(Records from a data collection)
━━━━━━━━━━━━━━━━━━━━

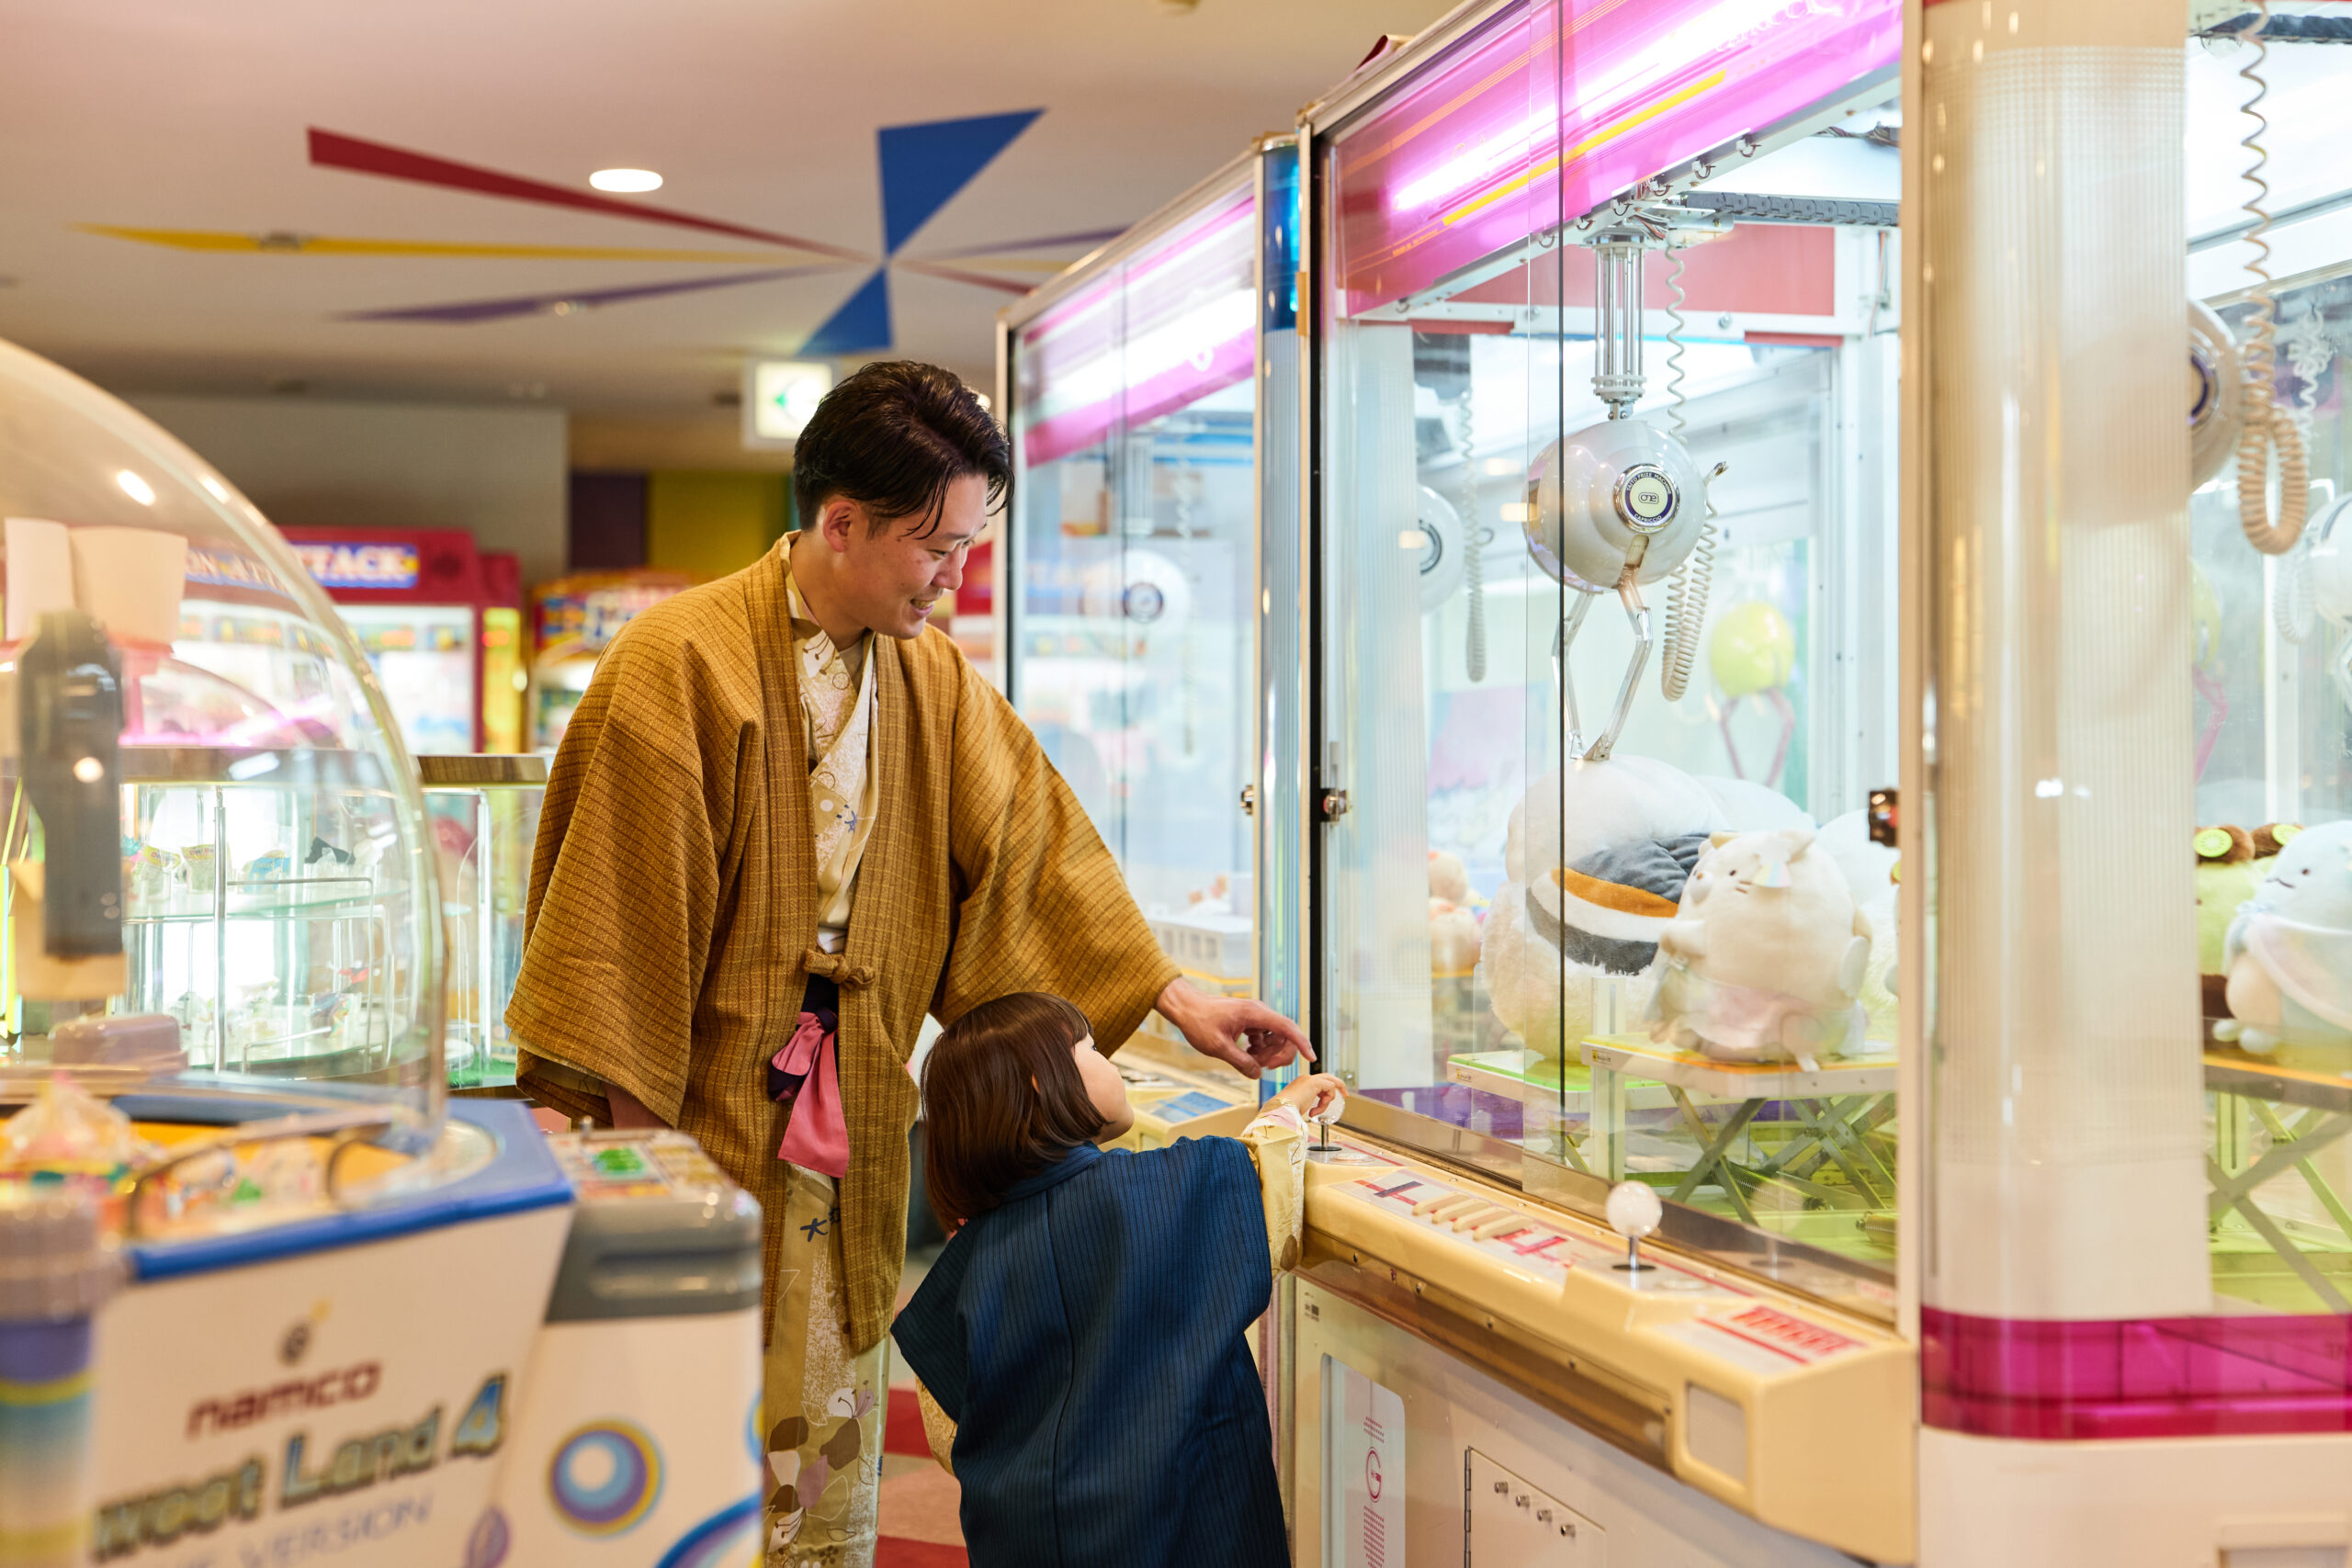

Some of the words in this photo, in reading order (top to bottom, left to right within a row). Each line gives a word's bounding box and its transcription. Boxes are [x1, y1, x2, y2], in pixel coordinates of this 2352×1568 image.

[1655, 473, 1672, 494] MACHINE
[1634, 513, 1662, 523] CAPRICCIO
[187, 1360, 381, 1440] namco
[90, 1455, 265, 1564] weet
[279, 1402, 440, 1509] Land
[453, 1372, 508, 1458] 4
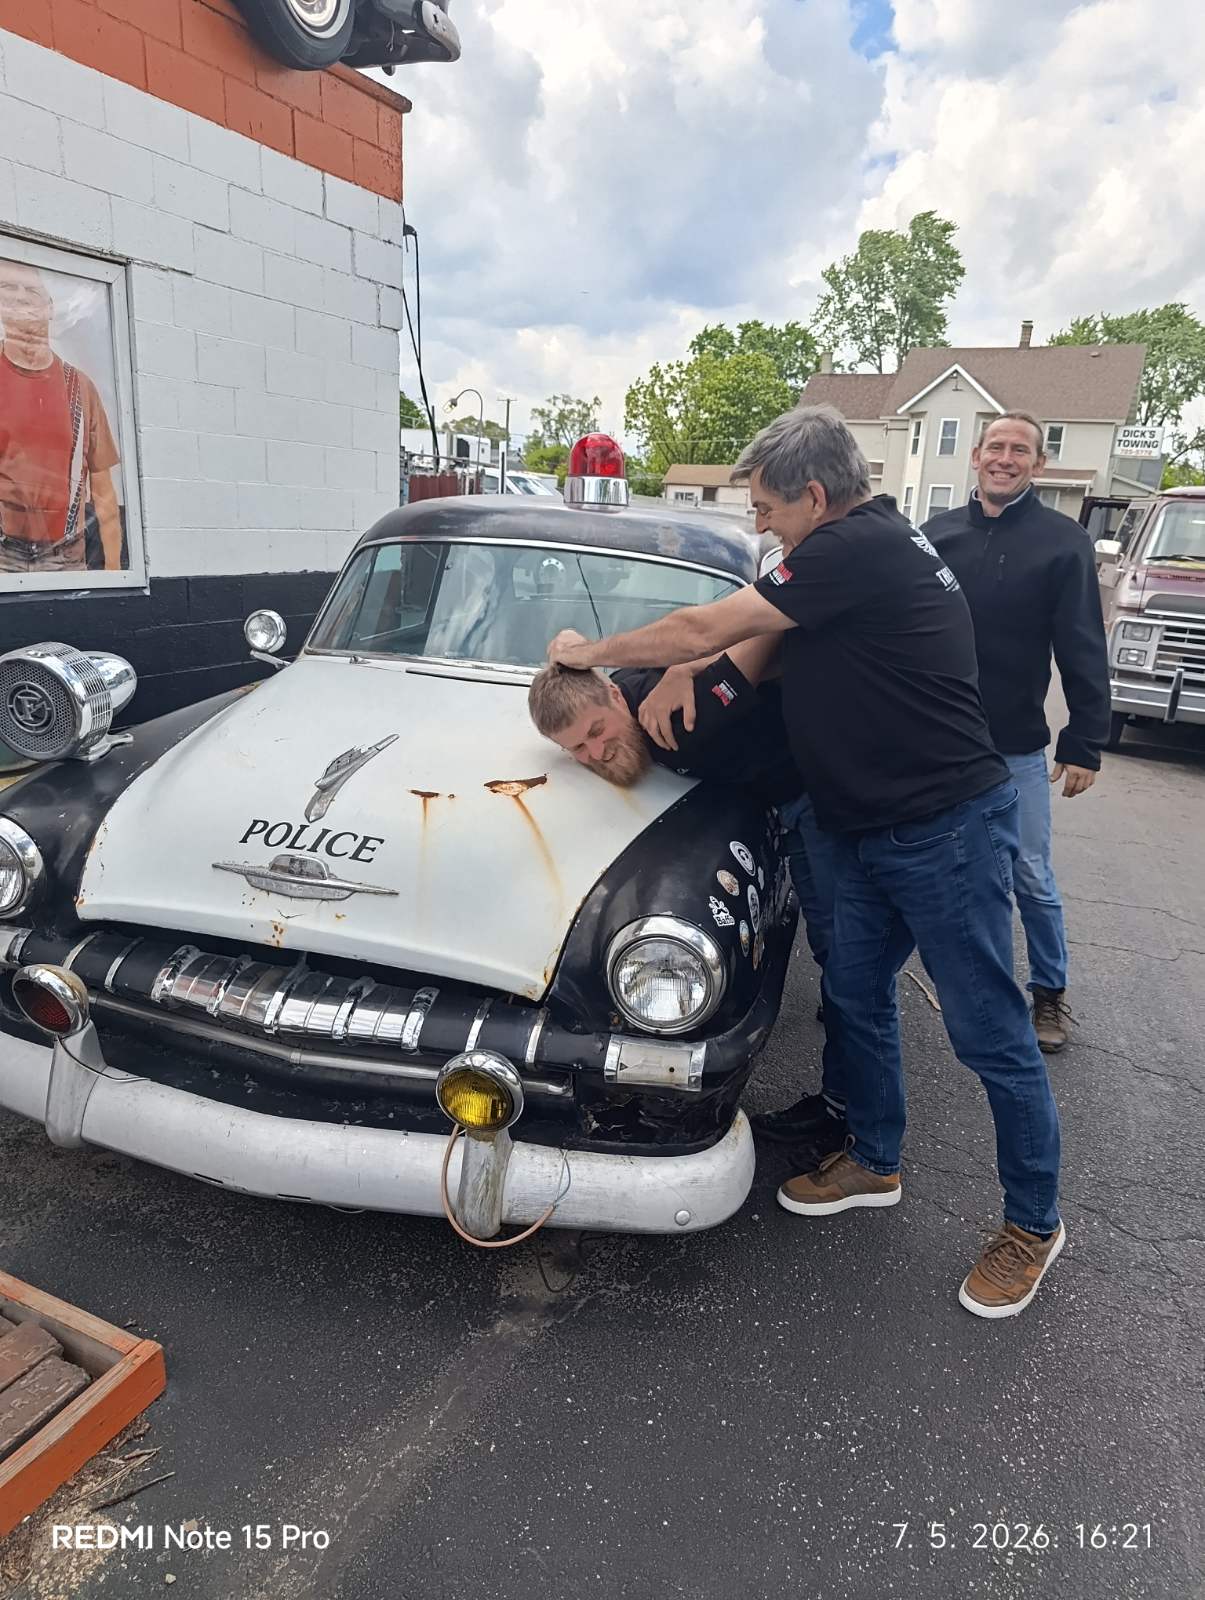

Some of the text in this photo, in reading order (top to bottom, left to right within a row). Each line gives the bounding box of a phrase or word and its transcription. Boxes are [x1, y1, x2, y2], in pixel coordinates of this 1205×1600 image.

[1122, 429, 1156, 438] DICK'S
[1117, 439, 1159, 448] TOWING
[239, 819, 385, 863] POLICE

━━━━━━━━━━━━━━━━━━━━

**Instructions for the task**
Output all data exactly, omitting images.

**Reply**
Some of the words in this photo, in reading order (top to bottom, left to right within a row). Each line gives a word's bounding box and its transcription. Boxes are [x1, y1, x2, y2], in pixel coordinates of this 2352×1568 image.

[1655, 473, 1672, 494] MACHINE
[1634, 513, 1662, 523] CAPRICCIO
[187, 1360, 381, 1440] namco
[90, 1455, 265, 1564] weet
[279, 1402, 440, 1509] Land
[453, 1372, 508, 1458] 4

Some of the text in this photo, in reading order (top to bottom, left to right within a row). Each line gives the bounding box of a phrase or word and its transcription. Boxes are [x1, y1, x2, y2], in pixel coordinates of this 1205×1600 image.

[1122, 429, 1156, 438] DICK'S
[1117, 439, 1159, 448] TOWING
[239, 819, 385, 863] POLICE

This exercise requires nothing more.